What needs to be done: Write every record out again exactly as given.

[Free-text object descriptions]
============================================================
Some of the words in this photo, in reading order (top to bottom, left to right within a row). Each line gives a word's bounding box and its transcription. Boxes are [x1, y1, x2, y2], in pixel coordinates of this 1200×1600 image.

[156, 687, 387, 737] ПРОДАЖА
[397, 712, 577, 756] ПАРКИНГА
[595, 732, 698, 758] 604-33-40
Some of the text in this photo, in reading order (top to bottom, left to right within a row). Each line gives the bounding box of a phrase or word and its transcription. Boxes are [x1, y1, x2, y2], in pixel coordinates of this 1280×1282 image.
============================================================
Exercise response:
Some of the words in this photo, in reading order (top to bottom, left to right within a row). Each line gives a word's bounding box and its transcription. Boxes are [x1, y1, x2, y2], in pixel coordinates of this 1200×1600 image.

[156, 687, 387, 737] ПРОДАЖА
[397, 712, 577, 756] ПАРКИНГА
[595, 732, 698, 758] 604-33-40
Some of the text in this photo, in reading order (top to bottom, left to right within a row). Each line gives the bounding box of a phrase or word and its transcription. Boxes are [x1, y1, x2, y2], in pixel coordinates of this 1280×1282 image.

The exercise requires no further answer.